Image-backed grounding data

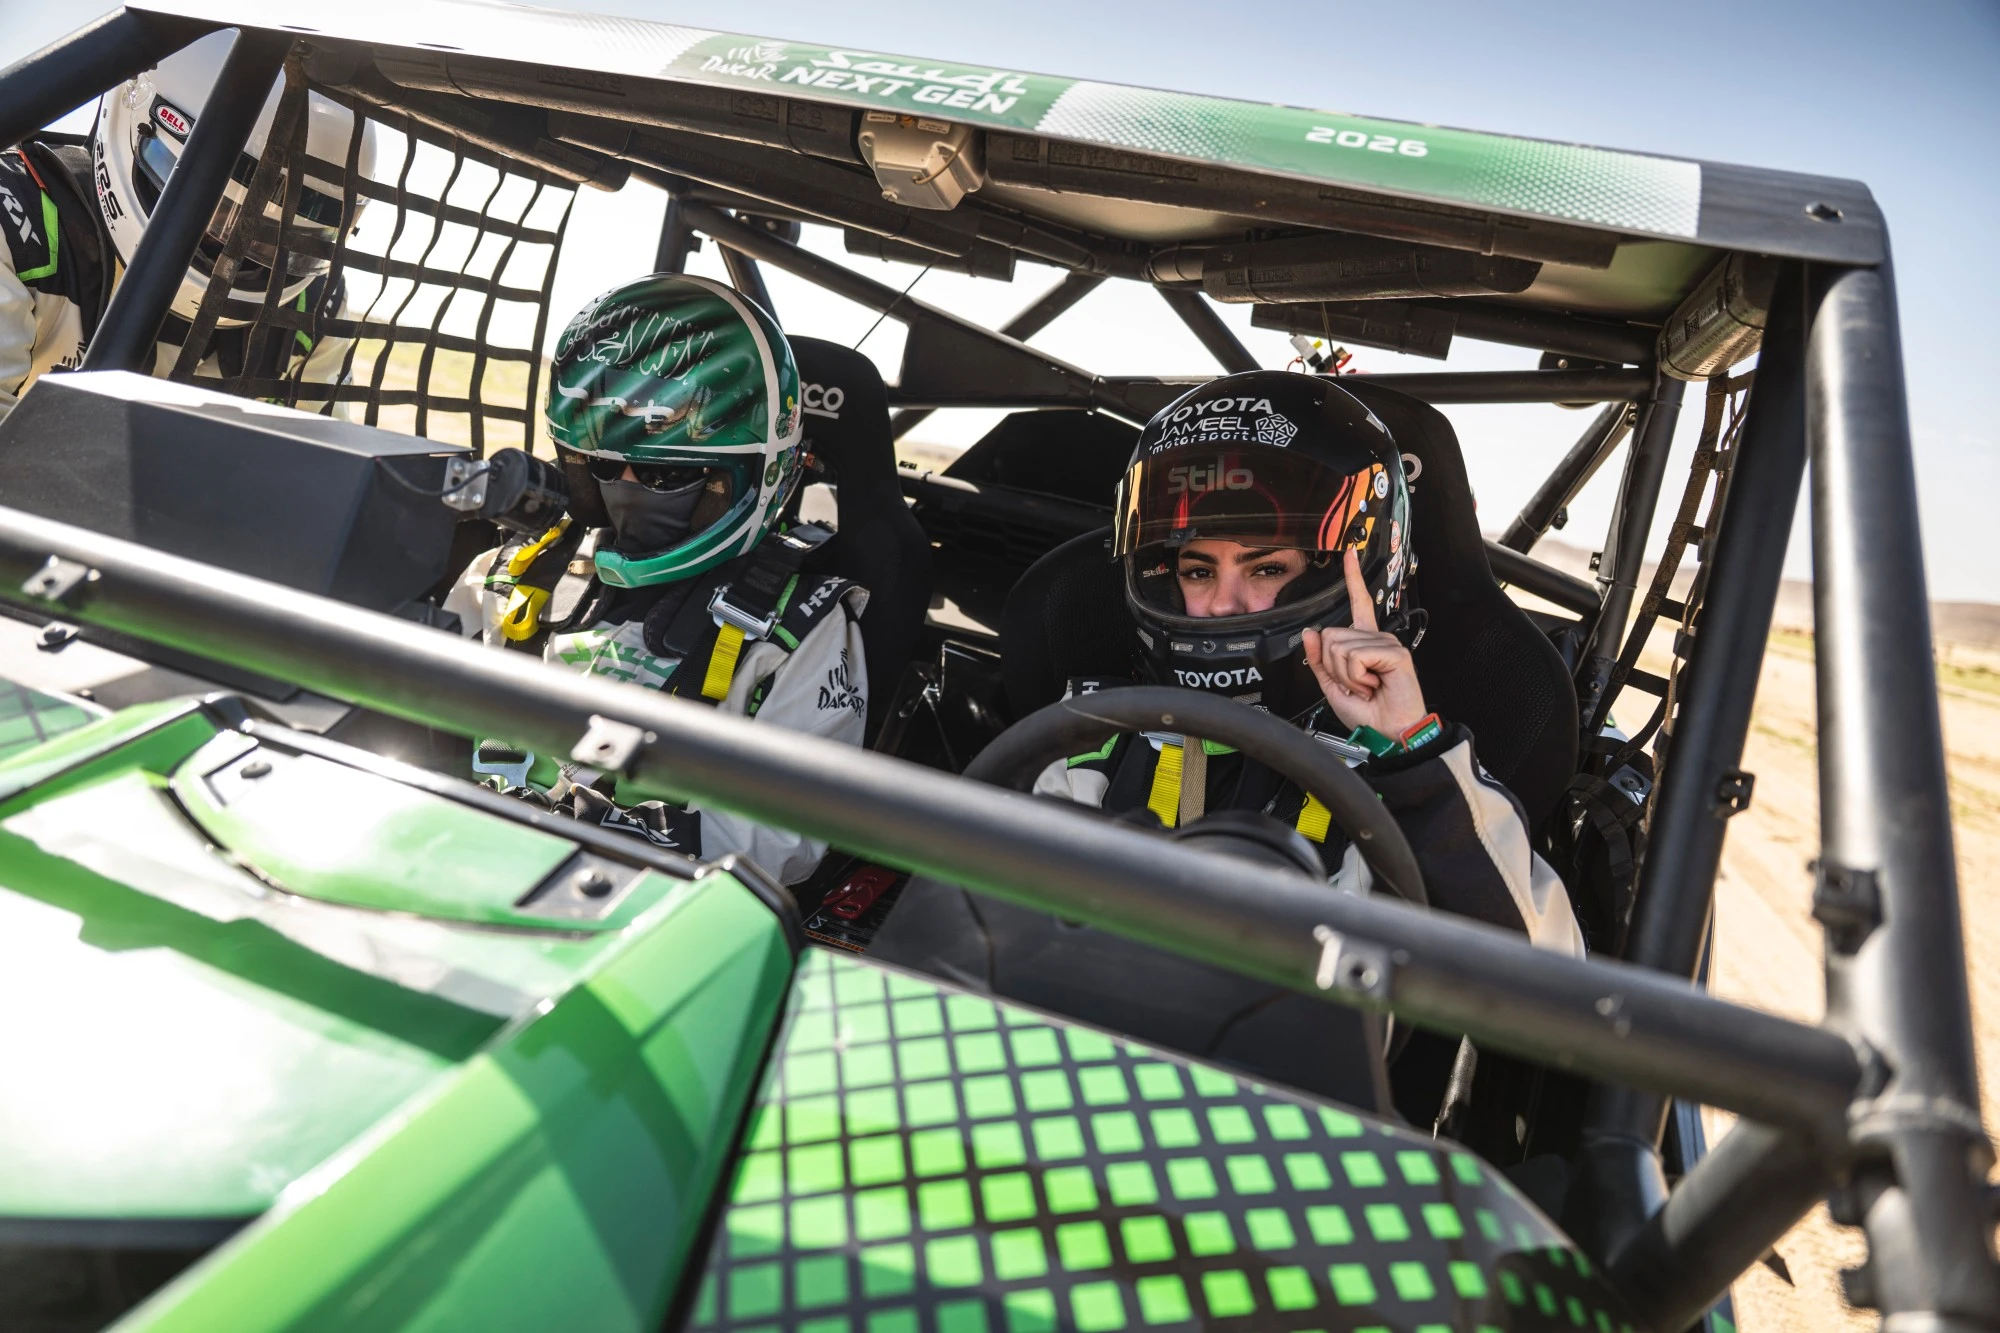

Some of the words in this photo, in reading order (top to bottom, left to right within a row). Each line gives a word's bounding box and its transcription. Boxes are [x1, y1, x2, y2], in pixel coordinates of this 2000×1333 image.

[700, 56, 777, 82] DAKAR
[780, 67, 916, 97] NEXT
[912, 85, 1018, 114] GEN
[160, 108, 185, 132] BELL
[1305, 126, 1428, 157] 2026
[1161, 397, 1273, 429] TOYOTA
[1149, 432, 1249, 455] motorsport
[1154, 416, 1250, 445] JAMEEL
[1167, 455, 1254, 494] Stilo
[1143, 564, 1169, 578] Stilo
[799, 577, 848, 617] HRX
[1174, 667, 1263, 688] TOYOTA
[818, 686, 865, 718] DAKAR
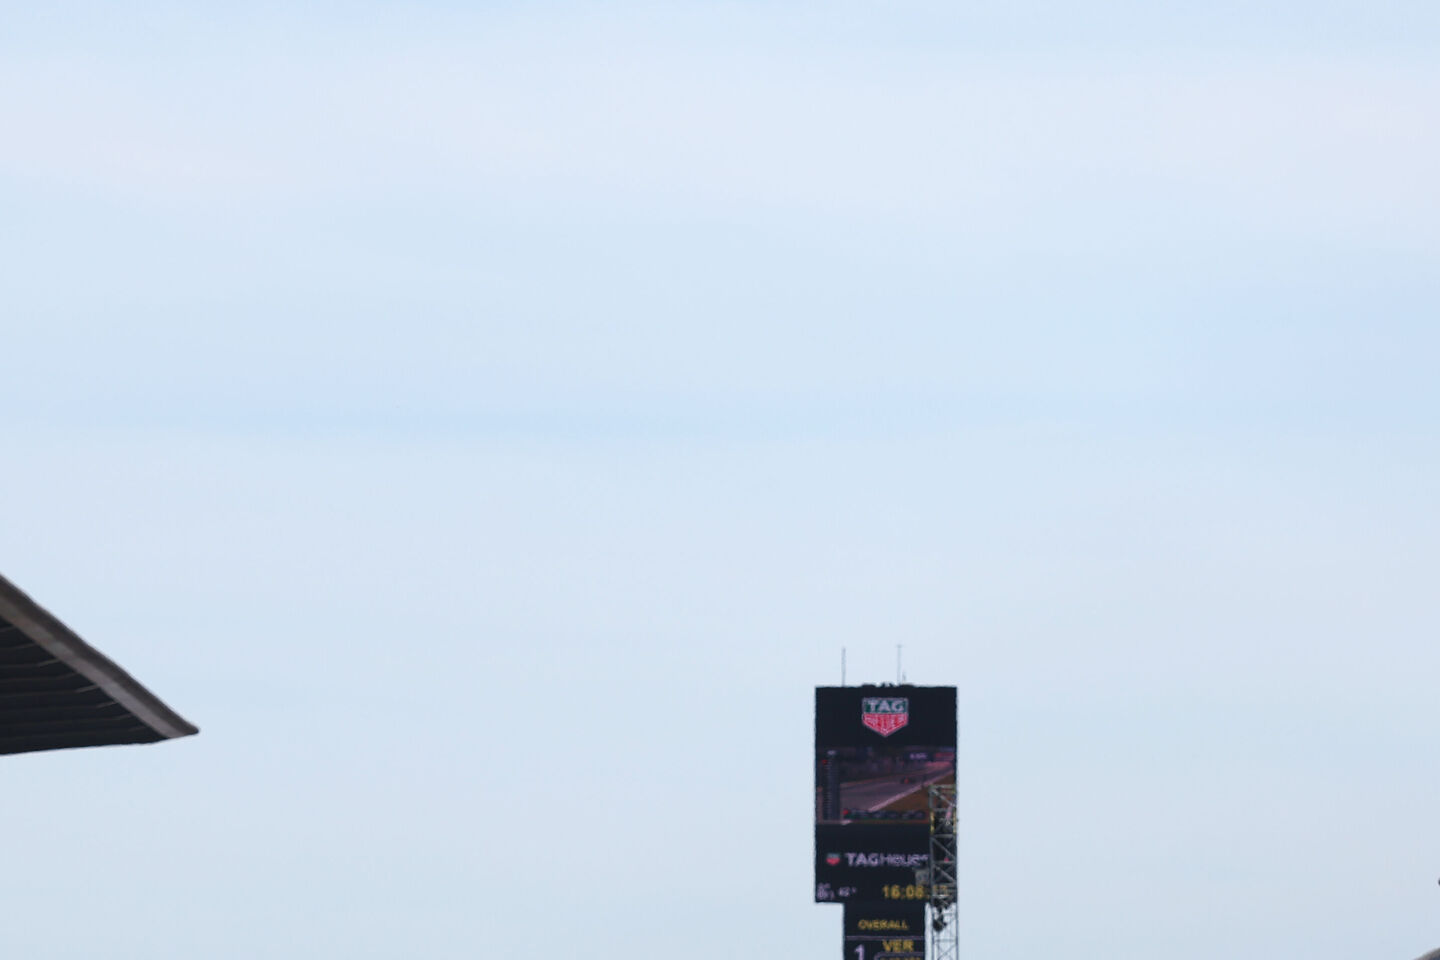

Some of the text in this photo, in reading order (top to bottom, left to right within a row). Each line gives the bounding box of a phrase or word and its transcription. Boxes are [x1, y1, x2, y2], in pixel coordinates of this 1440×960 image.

• **BRIEF**
Reproduce the data above exactly, leaving each picture out.

• **YOUR RESPONSE**
Some of the words in this photo, in reading order (top to bottom, left to right within a row). Each line gives a word's bounding box and its transcription. Boxes are [x1, y1, x2, y2], in pixel coordinates of this 2000×1333 image.

[700, 56, 777, 82] DAKAR
[780, 67, 916, 97] NEXT
[912, 85, 1018, 114] GEN
[160, 108, 185, 132] BELL
[1305, 126, 1428, 157] 2026
[1161, 397, 1273, 429] TOYOTA
[1149, 432, 1249, 455] motorsport
[1154, 416, 1250, 445] JAMEEL
[1167, 455, 1254, 494] Stilo
[1143, 564, 1169, 578] Stilo
[799, 577, 848, 617] HRX
[1174, 667, 1263, 688] TOYOTA
[818, 686, 865, 718] DAKAR

Some of the text in this photo, in reading order (top to bottom, left to right within a row). Each line gives the bounding box of a phrase or word and its transcription. Boxes are [x1, y1, x2, y2], in pixel coordinates of this 1440×960 image.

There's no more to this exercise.